How To Clean And Format Phone Numbers In Google Sheets

If you’re working with data in Google Sheets you’ll soon come across a time when you will need to clean and format phone number data entries.

To clean phone numbers in Google Sheets using the REGEXEXTRACT() function extract all the different fields according to the phone number entries and then combine them all into the desired format.

Here’s an example walking step by step through the process of cleaning the data set first, before then moving on to creating the desired phone number format.

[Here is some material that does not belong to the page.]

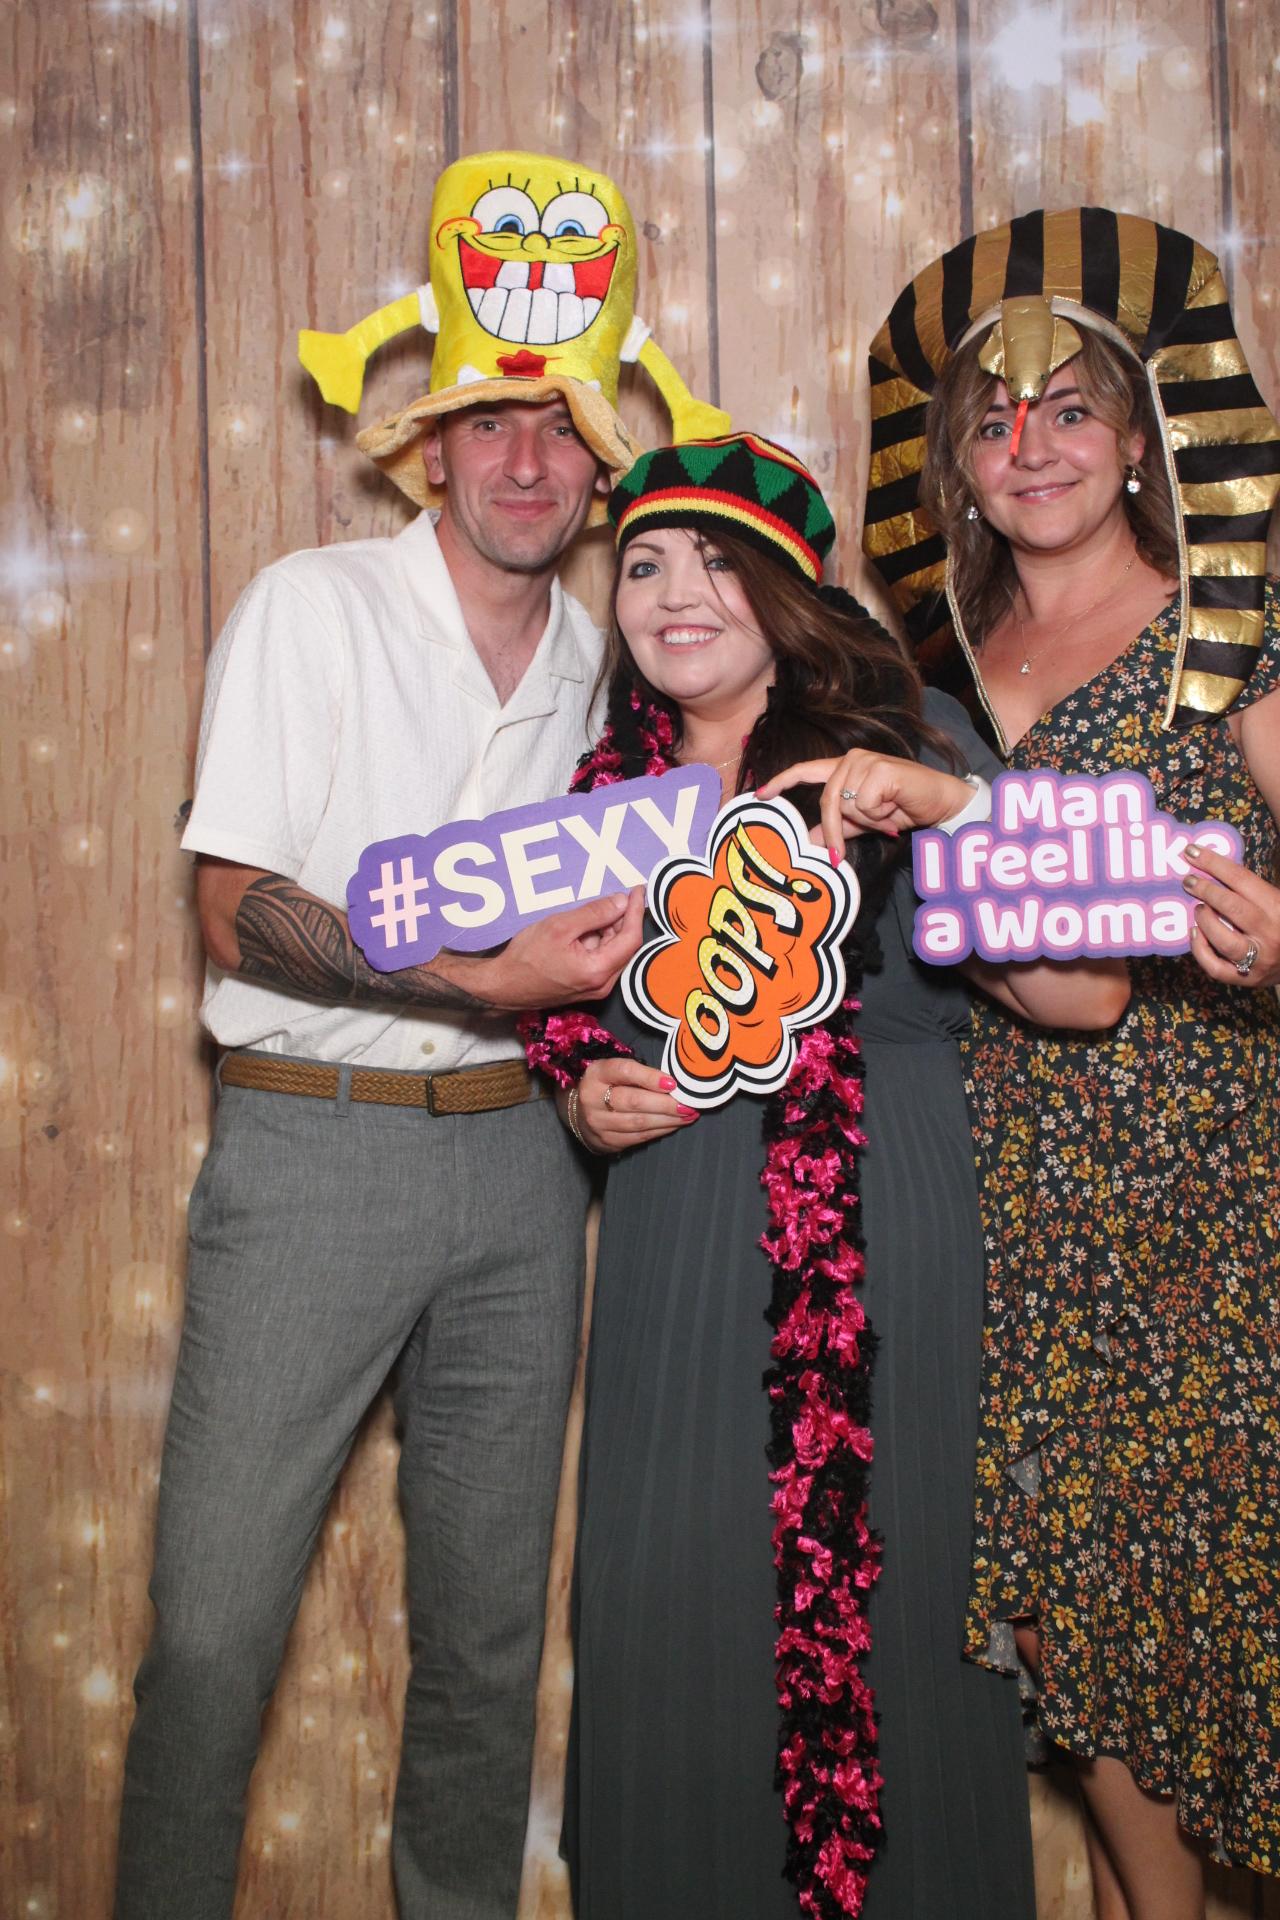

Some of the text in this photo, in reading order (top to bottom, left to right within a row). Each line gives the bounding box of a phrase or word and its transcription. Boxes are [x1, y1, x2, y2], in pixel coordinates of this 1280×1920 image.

Survey Current Phone Number Formats

Suppose I had the following USA phone number data set:

A
1+1 (555) 123 4567
2(555) 123 4567
3555-123-4567
4123.4567
A series of US phone numbers all of different formats

As you can see from the example data set the data isn’t clean. Anyone and everyone who was entering phone number data into this field was entering the data according to their own personal taste.

To clean this data set up I’m going to use the REGEXEXTRACT() formula to help extract the phone groups that should have been in each cell, the groups are as follows:

  • Plus symbol and a one to three-digit country code (1 being USA)
  • Area code of three digits, usually in brackets
  • Three digits representing the prefix number
  • Four digits representing the subscriber number

With this format in mind, you can represent the above as a regular expression like so:

\+?\d{1,3}?\D?\(?\d{3}?\)?\D?\d{3}\D?\d{4}

Let’s break the regular expression apart so that you can understand how each expression corresponds to the phone number format:

Regular ExpressionDefinition
\+?The initial + sign denoting a country code. As the + sign is a special character in regular expressions it is escaped \ and as some phone numbers might not have this character I’ve appended the optional character ?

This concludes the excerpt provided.